The exciting causes are external injuries of the head from blows, concussions, falls, &c., violent and long-continued paroxysms of crying, difficult dentition, the sudden suppression of chronic cutaneous erup. tions, especially those which occur about the head and face, and the imprudent drying up of a long-continued discharge from ulcerations behind the ears. In the majority of cases, however, acute meningitis in children occurs in the course, or towards the conclusion of other diseases, as the various forms of irritation and inflammation of the alimentary canal, pneumonia, scarlatina, rubeola, and pertussis. Deepseated inflammations of the ear very generally terminate, in children, in acute meningitis. We have occasionally seen the disease, also, produced in children by insolation.

Acute meningitis is, under all circumstances, a serious affection; but it is so especially when it occurs in the course of, or subsequent to, other diseases; when the patient is already exhausted, and active treatment, to the extent which is necessary for the cure of every form of acute inflammation of the brain, is inadmissible. In many cases, also, the course of the disease is so extremely rapid as scarcely to allow time for the employment of the appropriate remedies, even when it is detected in its earliest stage. Nevertheless, in robust children, whose vital powers are unimpaired by pre-existing disease, or exposure to depressing hygienic influences, a vigorous treatment, commenced early, will very often quickly arrest the progress of the inflammation and preserve the life of the patient.

The favorable indications are, an early abatement of the peculiar symptoms of the disease; a reduction of the morbid acuteness of the external senses; the disappearance of the febrile excitement; the return of natural, quiet sleep; the recurrence of the normal secretions; the tongue becoming moist and clean, the skin soft and cool, the bowels open, and the evacuations natural; the urine more copious and lighter colored; the pulse more soft, slow, and equable, and the respiration less frequent and more regular; together with an abatement of the heat, pain, and tension of the head, and a return of the ordinary expression of the patient's countenance.
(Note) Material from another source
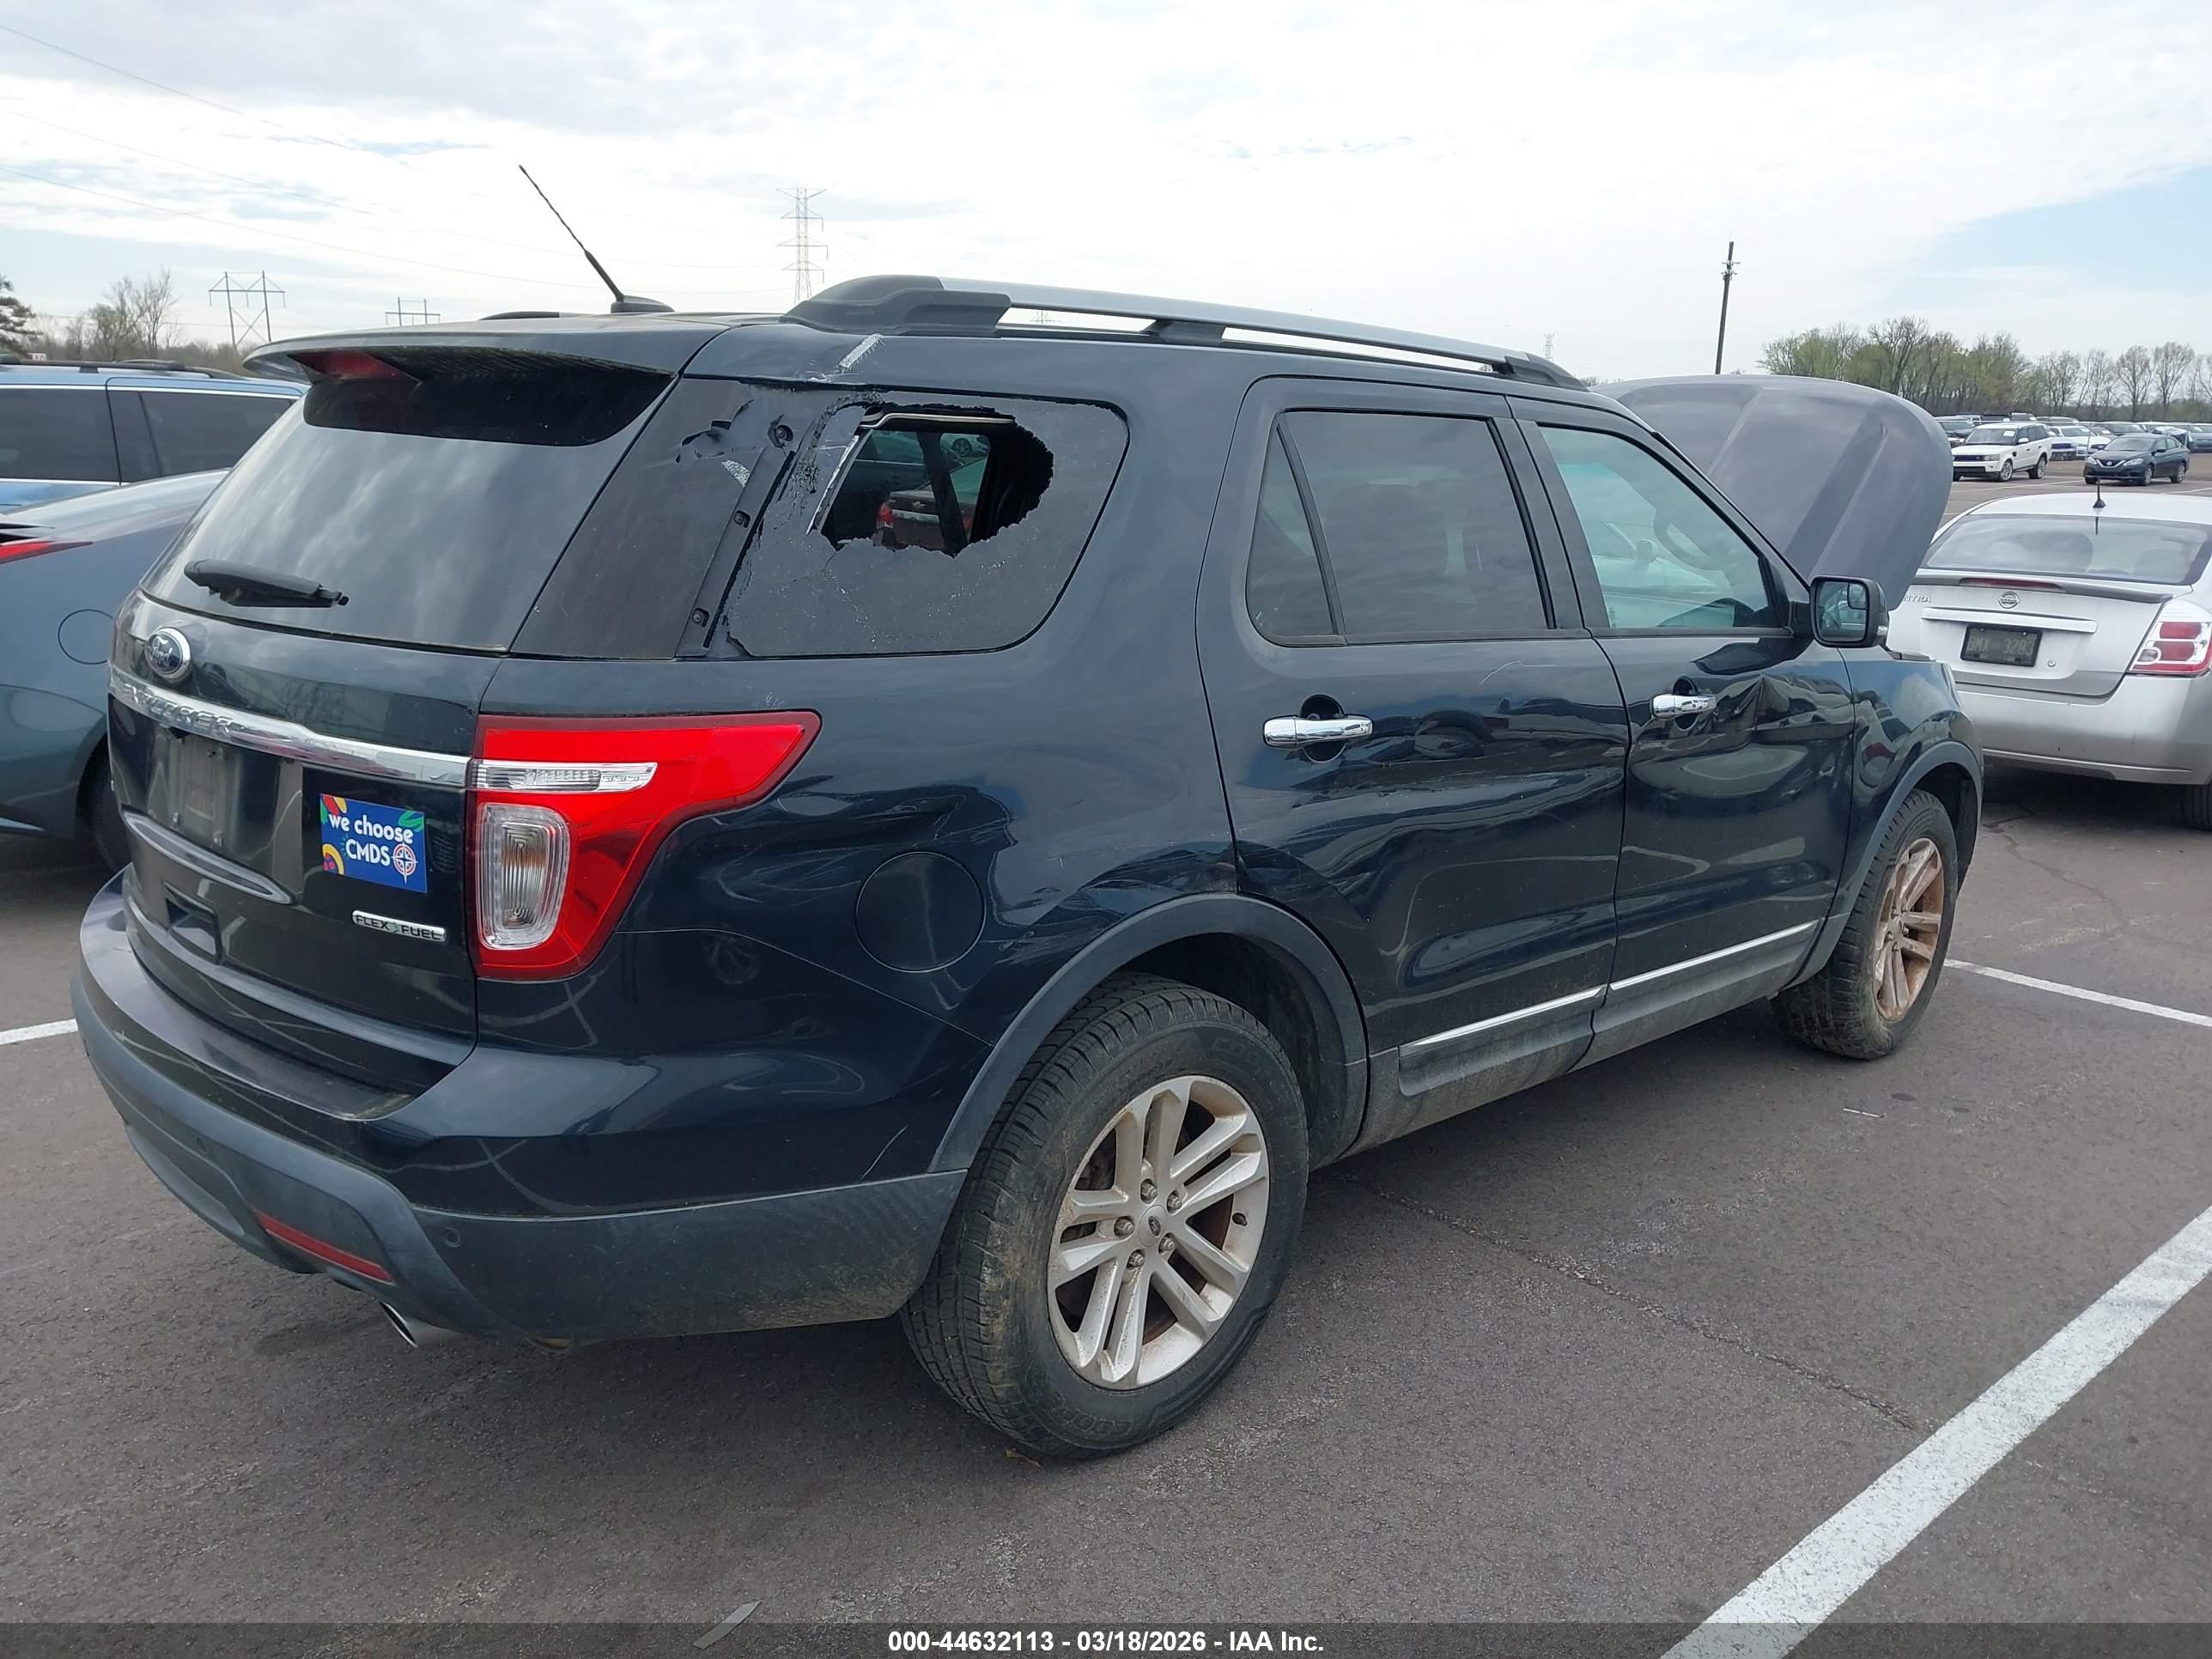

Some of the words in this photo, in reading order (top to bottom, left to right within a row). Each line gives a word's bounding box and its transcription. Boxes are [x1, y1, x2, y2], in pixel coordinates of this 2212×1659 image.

There are few diseases that occur during childhood, in which it is more important to watch the slightest premonitory symptoms, than those which affect the brain. Their onset may, in many instances, be prevented, while their cure, after they have become fully established, is doubtful, if perchance possible. This is particularly true of acute meningitis. A careful attention to the early symptoms indicative of irritation and hyperæmia of the brain, will often enable us to guard the patient against an attack that were it to occur, would in all probability prove promptly fatal.